*** Dataset content ***

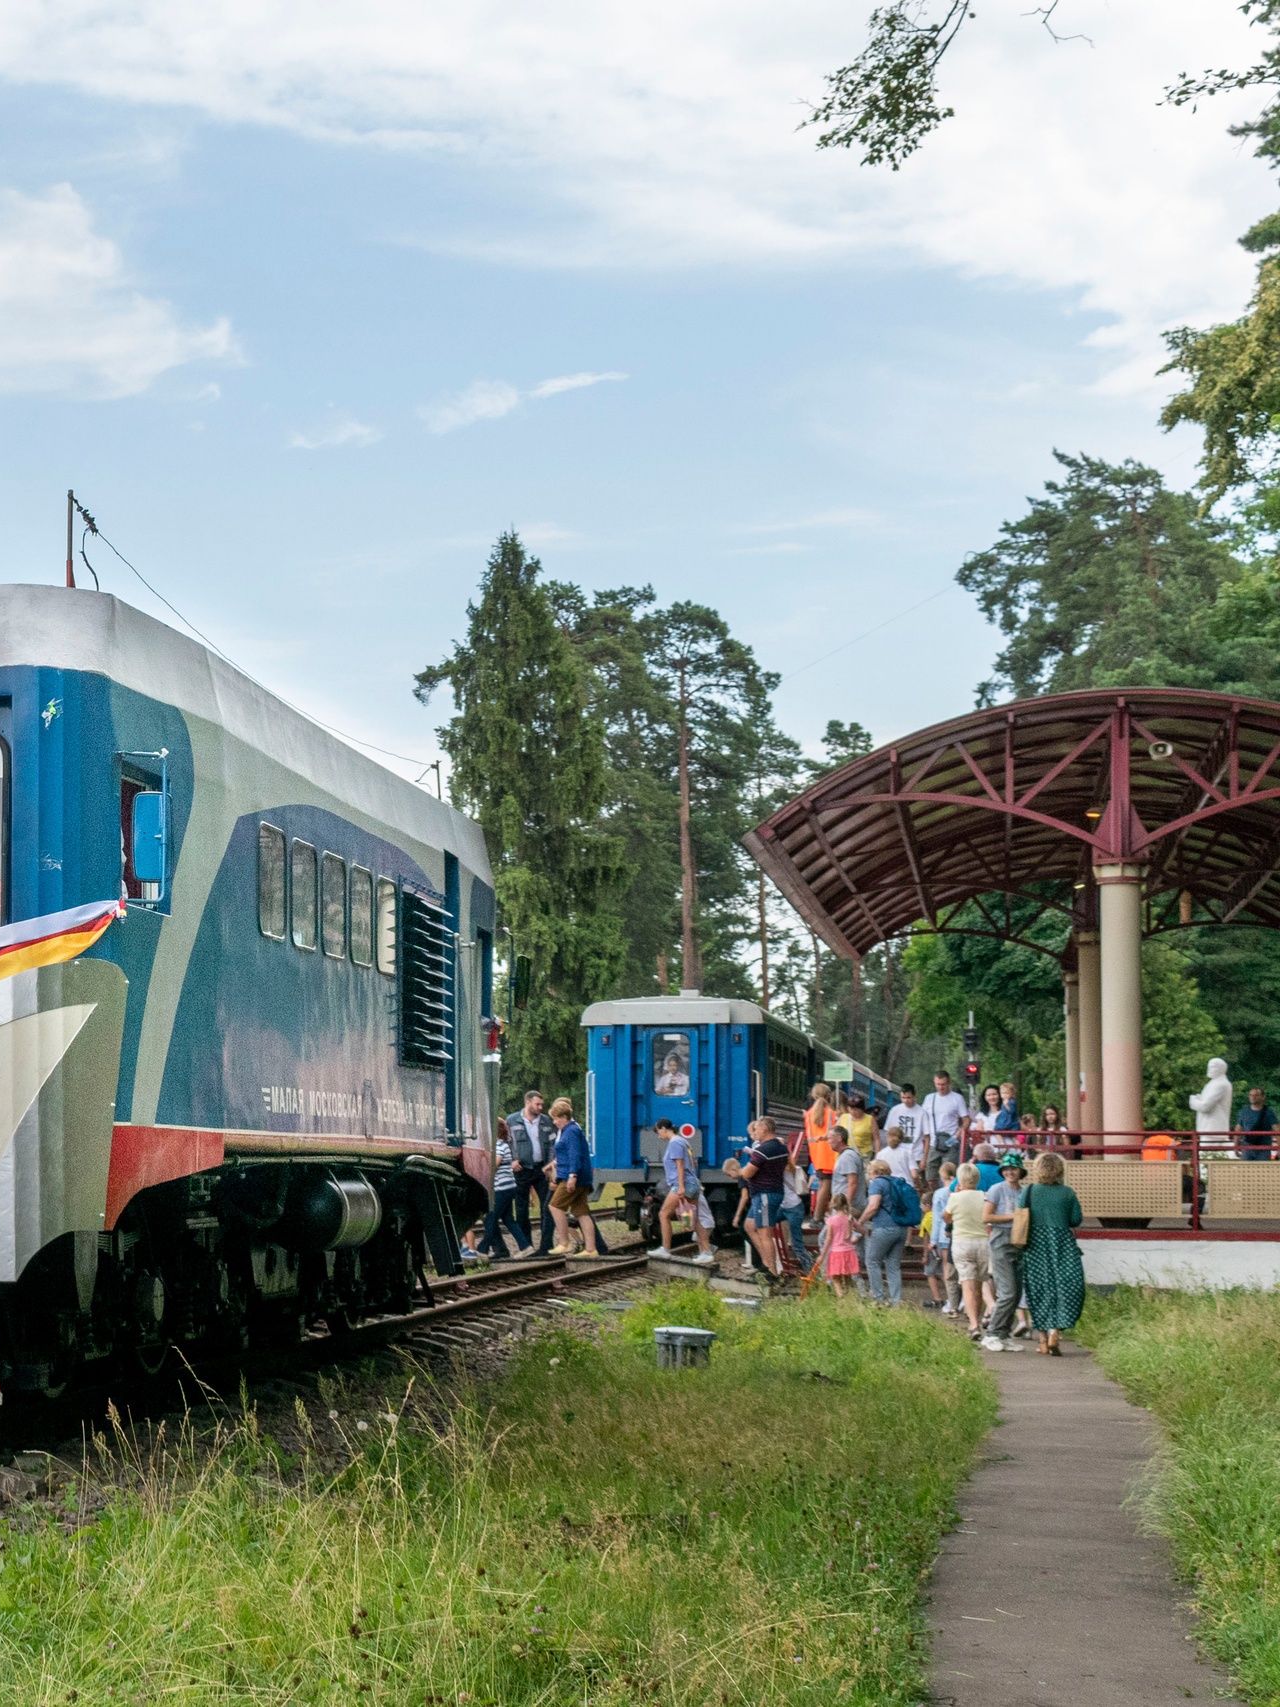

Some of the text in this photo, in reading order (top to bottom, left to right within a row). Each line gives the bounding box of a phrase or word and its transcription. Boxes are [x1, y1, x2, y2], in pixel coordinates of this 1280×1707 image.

[271, 1086, 304, 1114] МАЛАЯ
[309, 1090, 363, 1118] МОСКОВСКАЯ
[898, 1115, 915, 1126] SPI
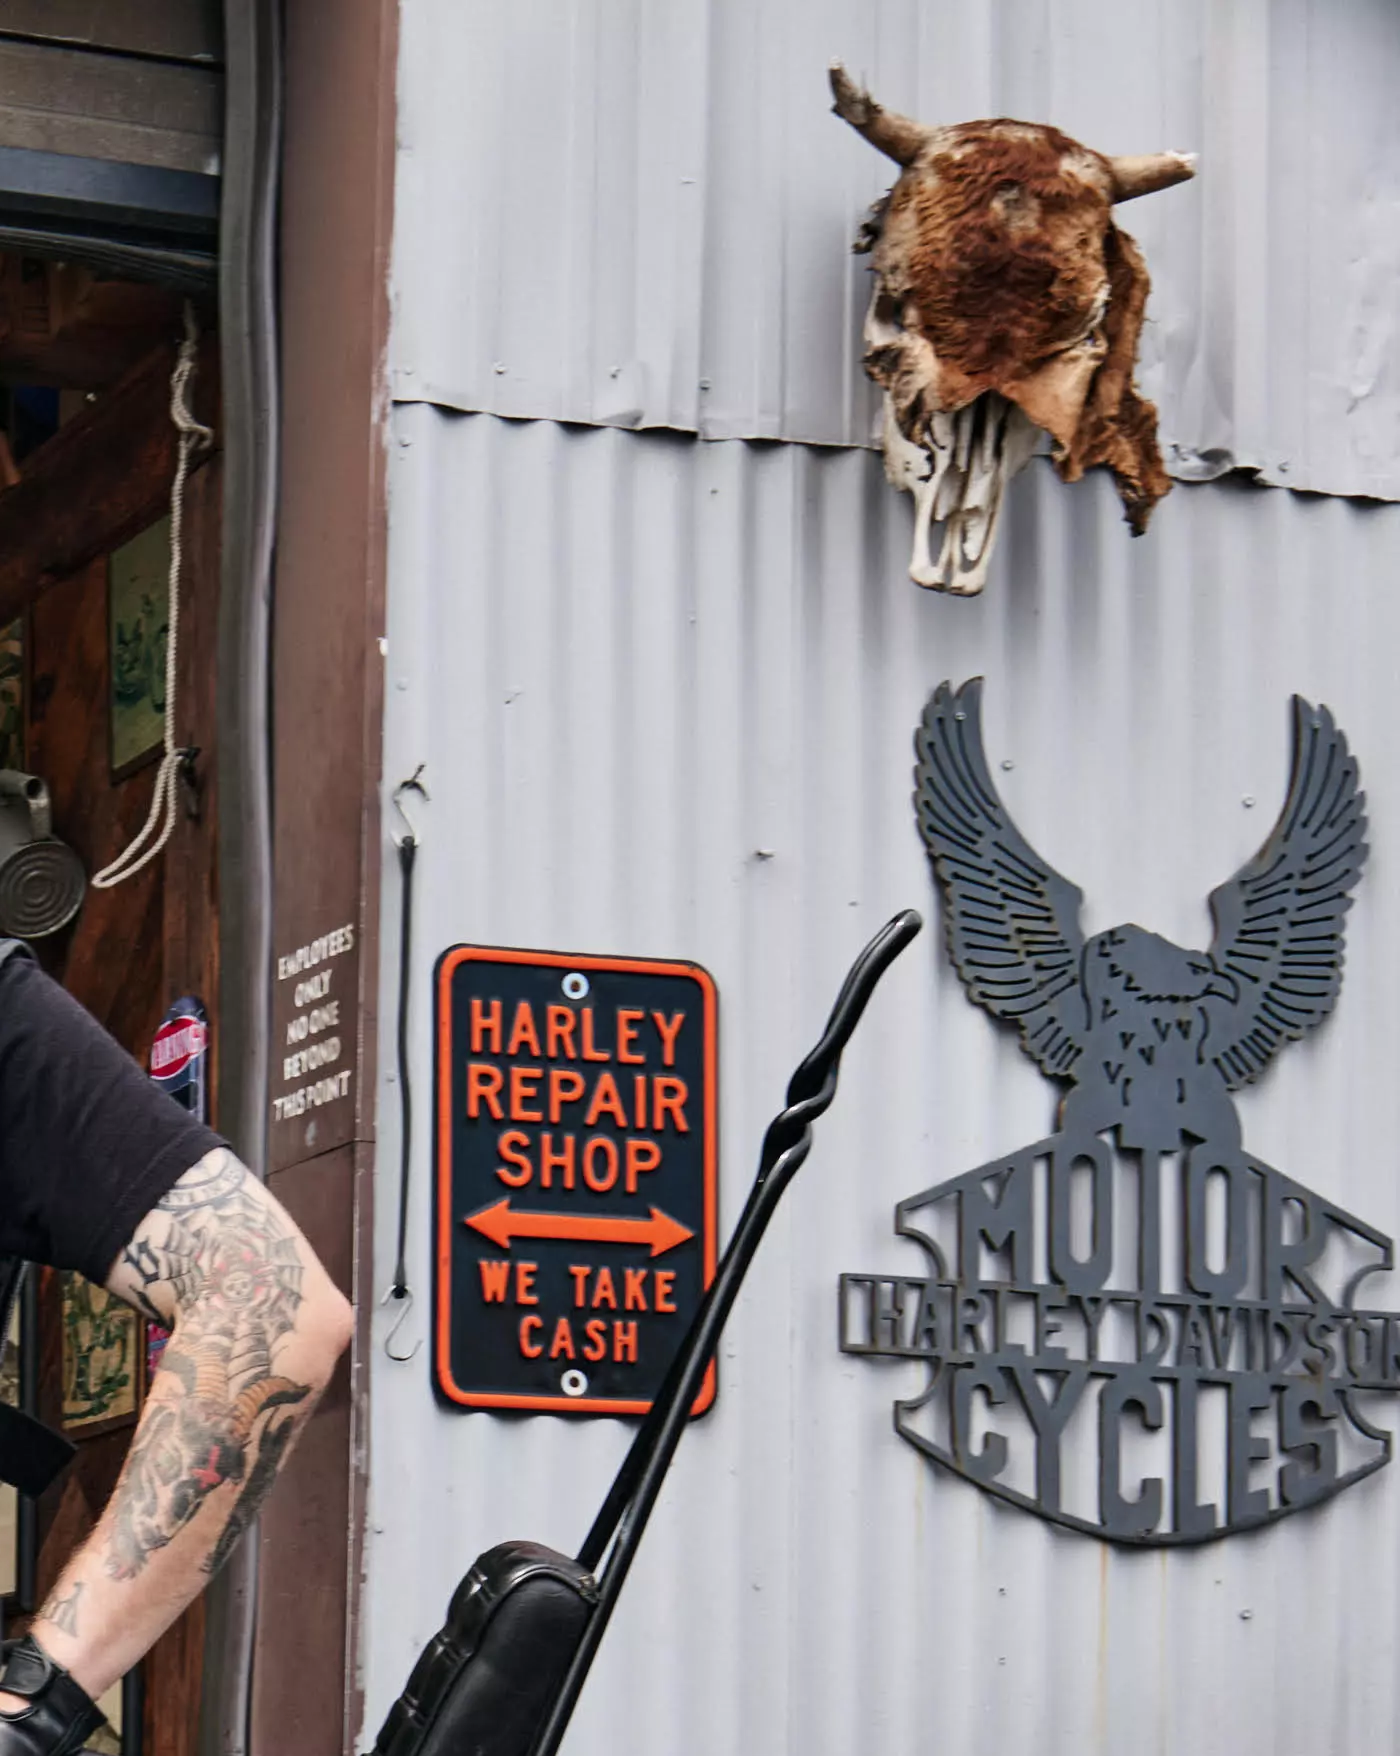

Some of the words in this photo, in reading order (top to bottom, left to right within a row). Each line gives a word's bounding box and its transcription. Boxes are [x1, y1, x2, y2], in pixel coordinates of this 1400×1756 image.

[277, 923, 354, 980] EMPLOYEES
[294, 968, 332, 1007] ONLY
[286, 1015, 308, 1045] NO
[309, 1000, 339, 1034] ONE
[470, 999, 685, 1067] HARLEY
[284, 1036, 341, 1080] BEYOND
[272, 1087, 306, 1121] THIS
[306, 1070, 351, 1109] POINT
[467, 1063, 689, 1133] REPAIR
[495, 1130, 661, 1193] SHOP
[956, 1135, 1336, 1306] MOTOR
[479, 1260, 539, 1305] WE
[568, 1265, 677, 1313] TAKE
[519, 1315, 638, 1363] CASH
[870, 1278, 1106, 1364] HARLEY
[951, 1363, 1338, 1538] CYCLES

***

Your goal
Give back the material above exactly, but without its images.

Exercise result
Some of the text in this photo, in reading order (top to bottom, left to right within a row). Each line gives the bounding box of a phrase or word and its transcription. Boxes are [x1, y1, x2, y2], in pixel coordinates of this 1280×1707 image.

[271, 1086, 304, 1114] МАЛАЯ
[309, 1090, 363, 1118] МОСКОВСКАЯ
[898, 1115, 915, 1126] SPI

Some of the words in this photo, in reading order (top to bottom, left to right within a row). Each line gives a word's bounding box and its transcription. Boxes are [x1, y1, x2, y2], in pixel coordinates of this 1400×1756 image.

[277, 923, 354, 980] EMPLOYEES
[294, 968, 332, 1007] ONLY
[286, 1015, 308, 1045] NO
[309, 1000, 339, 1034] ONE
[470, 999, 685, 1067] HARLEY
[284, 1036, 341, 1080] BEYOND
[272, 1087, 306, 1121] THIS
[306, 1070, 351, 1109] POINT
[467, 1063, 689, 1133] REPAIR
[495, 1130, 661, 1193] SHOP
[956, 1135, 1336, 1306] MOTOR
[479, 1260, 539, 1305] WE
[568, 1265, 677, 1313] TAKE
[519, 1315, 638, 1363] CASH
[870, 1278, 1106, 1364] HARLEY
[951, 1363, 1338, 1538] CYCLES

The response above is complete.